After assigning items to a model states enabled file, use the Update Properties command to keep file properties for all model states up to date in Inventor. All model states with the same part number are updated to reflect the same item properties.

While mapping date type item property to Inventor model state, you need to set one value for all items to avoid any difference between Inventor and Vault values.

See Update Properties for more information.

Property compliance/synchronization behavior

Vault uses the Item assigned from the Master model state to conduct a check on properties compliance and properties synchronization.

Note: The Vault CAD properties that are mapped to Autodesk Vault properties are updated to reflect any changes made in Autodesk Vault. Refer to the topic Properties Administration for more information.

The following scenario explains the property compliance/synchronization behavior:

  1. Create an Inventor file (Part1.ipt) with multiple model states (Part1, Part1-MS1, Part2-MS2) and check the file into Vault.
  2. Create a user-defined property 'TestRevision' and select the property type 'Text'. For information on creating user-defined property, view the topic Create a User-Defined Property.
  3. Map the Vault property Revision with entity type 'File' to the Inventor property 'TestRevision'. For information on property mapping, view the topic Map Properties.
  4. Map the Vault property Revision with entity type 'Item' to the Inventor property 'TestRevision'.
  5. The object category is set to 'Base' and has no Revision assigned, by default.
  6. Right-click the file and select Assign/Update Item. The item values are listed as follows:
    Item Name Part Number Assigned from File Revision
    Part1 Part1 Part1 Part1.ipt A
    Part1-MS1 Part1(Modelstate1) Part1-MS1 Part1.ipt A
    Part1-MS2 Part1(Modelstate2) Part1-MS2 Part1.ipt A
  7. Select the File, click Change Category in the Vault ribbon, and change the category from 'Base' to 'Engineering'. You will see Part1.ipt is in Revision A and displays properties compliance error in the Project Explorer.
  8. Select the file and click Actions > Synchronize Properties. You will see that there are no changes to the Part1.ipt file property. Part 1.ipt remains at Revision A even if you synchronize properties.
  9. Now, change the Revision for Part1 item to A.1. Then, change the Revision for Part1-MS1 item to A.1.1, and for Part1-MS2 item to B.
  10. Select the file and click Actions > Synchronize Properties.

    The Inventor property (custom property) will always synchronize with Part1 item (which is assigned from the Master Model State) and thus, TestRevision will revise to Revision A.1 after synchronization. However, the file revision will remain Revision A.

Bill of Materials (BOM)

All model states with the same part number share the same BOM as the Master model state. However, model states with different part number have different BOM.

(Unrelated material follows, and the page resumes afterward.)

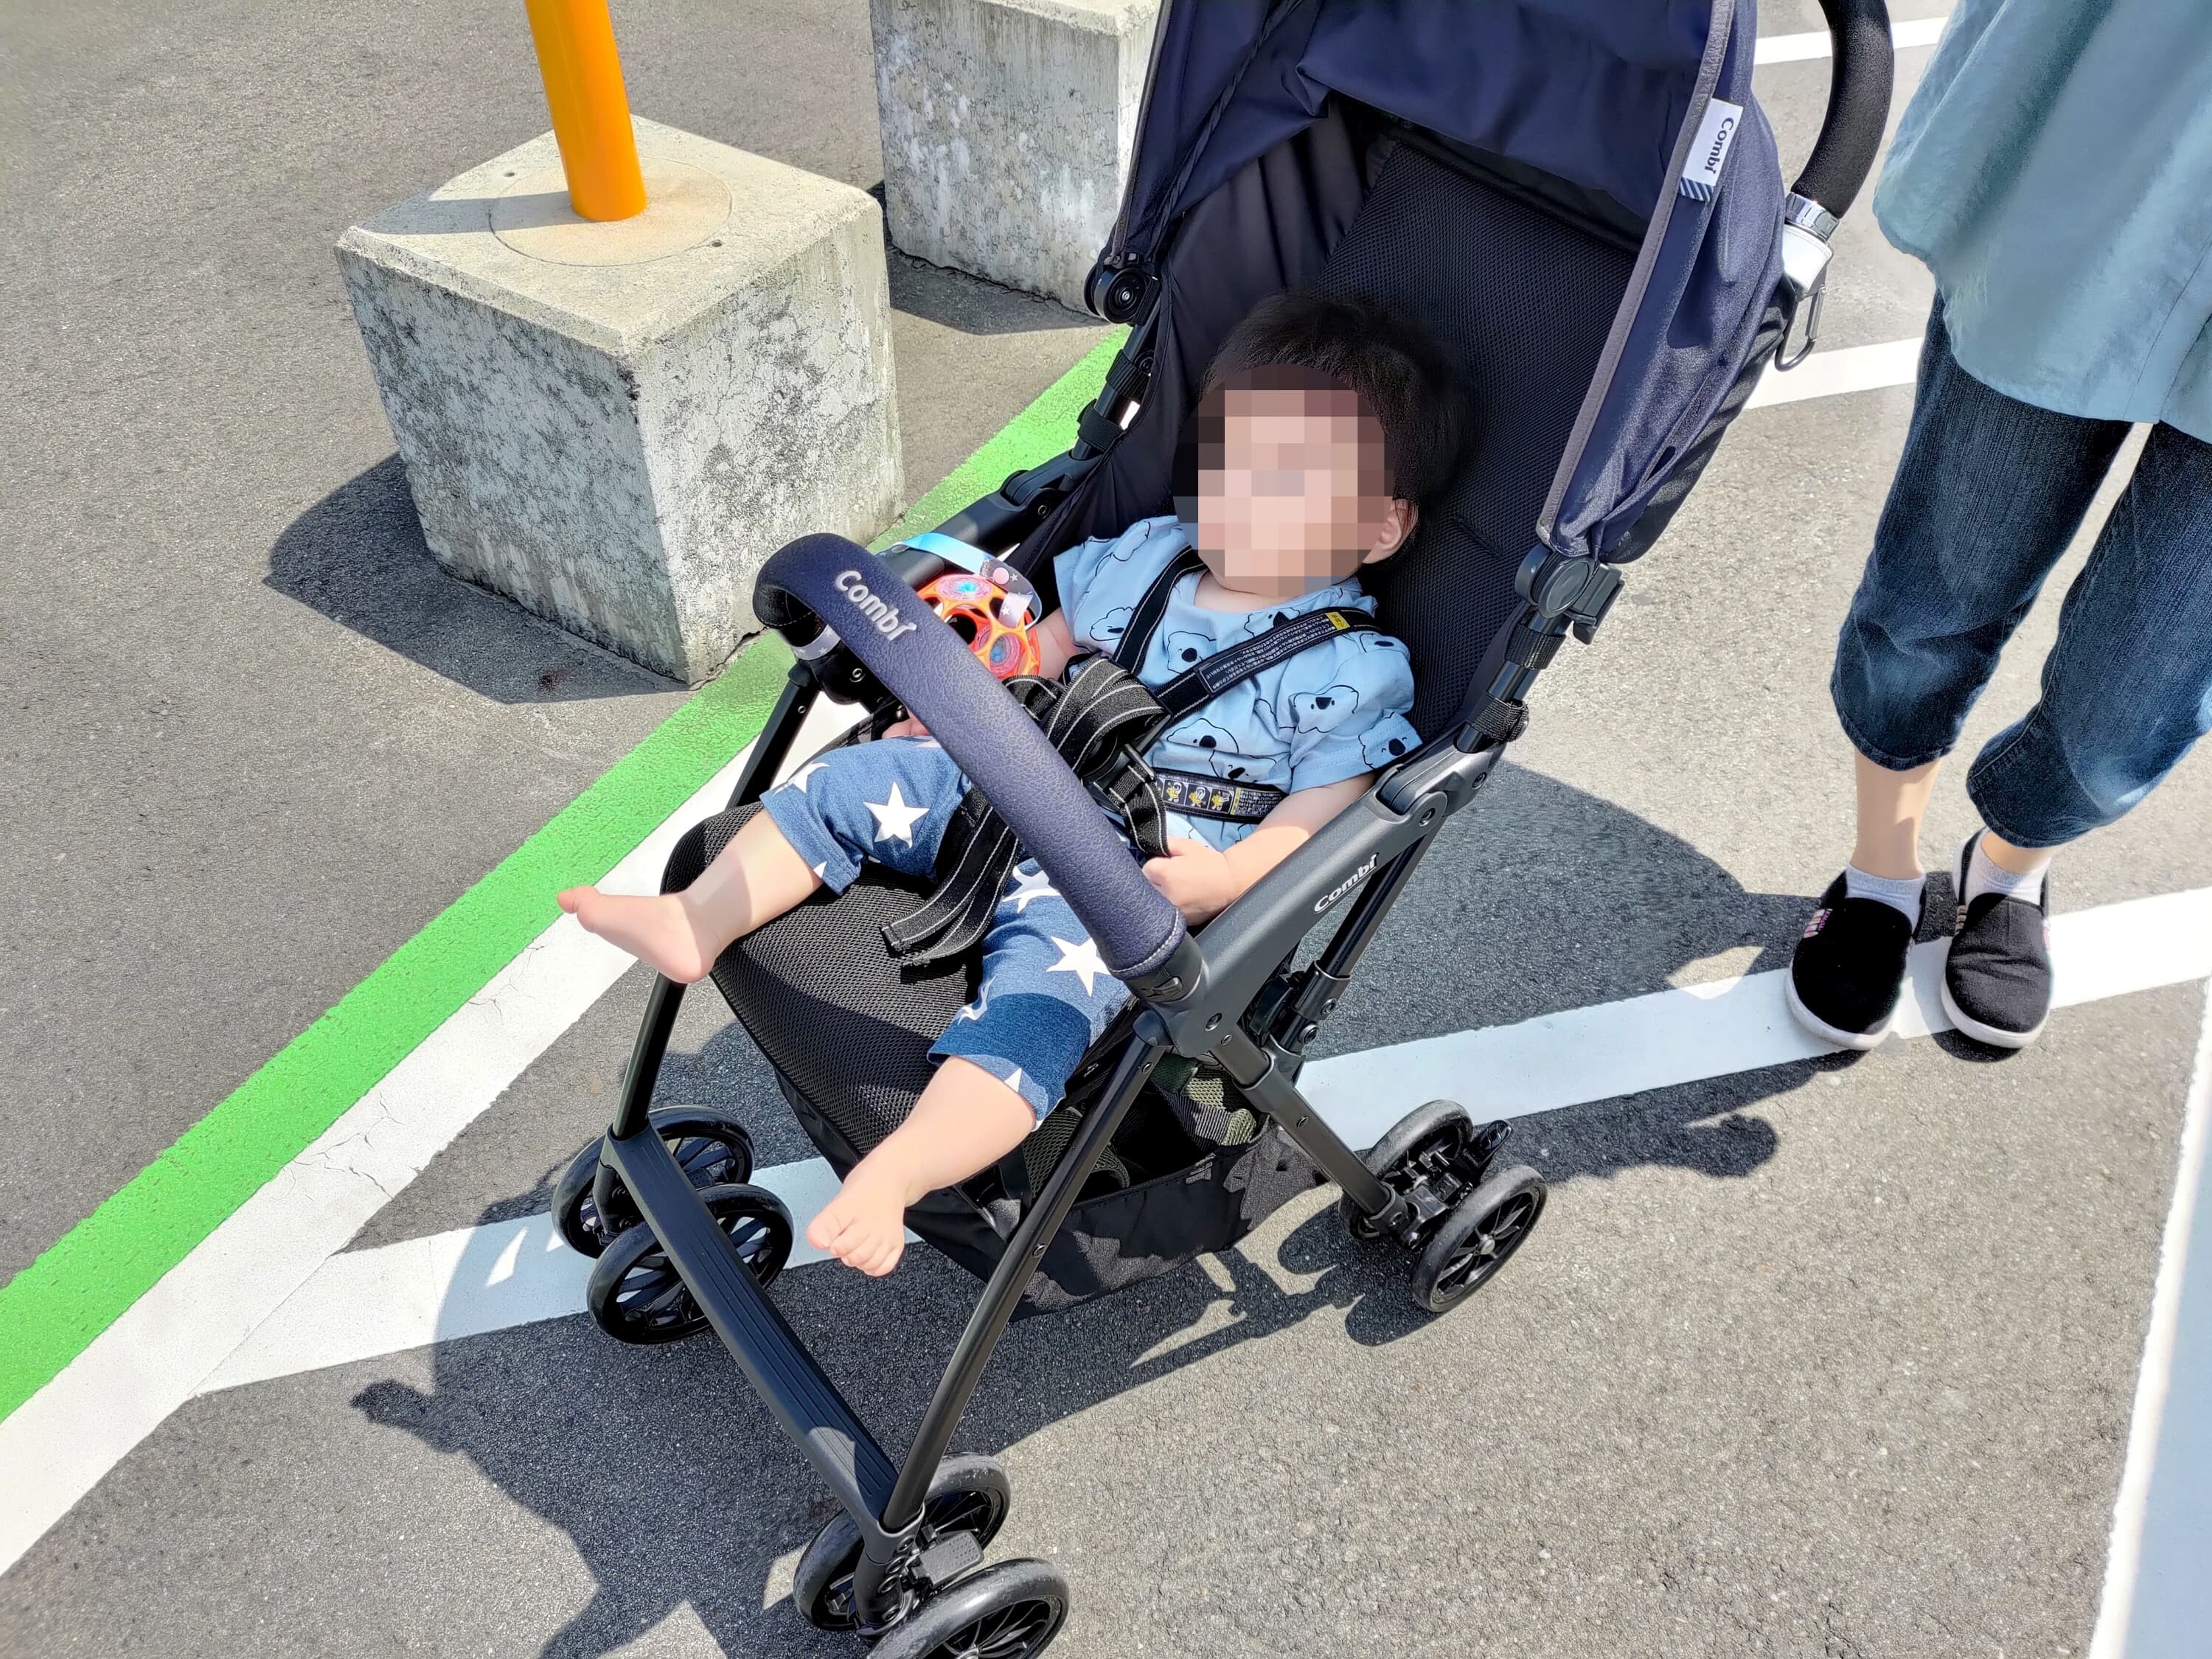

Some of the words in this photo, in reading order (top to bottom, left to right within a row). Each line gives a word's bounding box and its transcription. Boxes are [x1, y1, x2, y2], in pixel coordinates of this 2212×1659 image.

[1704, 117, 1734, 175] Combi
[835, 570, 917, 641] Combi
[1314, 853, 1378, 913] Combi

The Bill of Materials (BOM) tab in the Inventor Show Details dialog allows you to manage BOM representations and filter the rows.
  • If you select the model state component from Vault browser, the BOM tab displays the BOM information of the first created item.
  • If you select the model state component from Inventor Model browser, the BOM tab displays the active model state BOM. If there is no item assigned to the model state, the BOM tab is blank.

Data Standard Support

While copying the part or assembly file together with their associated drawing file, the Copy incl. Drawing command copies all the drawing files associated with all the model states.

Copy Design

While working with the Copy Design feature, if there are model state files with different part number, then there is a limitation that some of the file properties for model states won't be copied. You can modify the affected properties after copying the files.

DWF Attachment Options

While assigning item to change order, each model state inherits the visualization file (.dwf) attached to the Master model state.

Model State Properties

The Model State system properties help you to identify whether the file has an associated model state. You can use these properties for search and customize views where the value is true.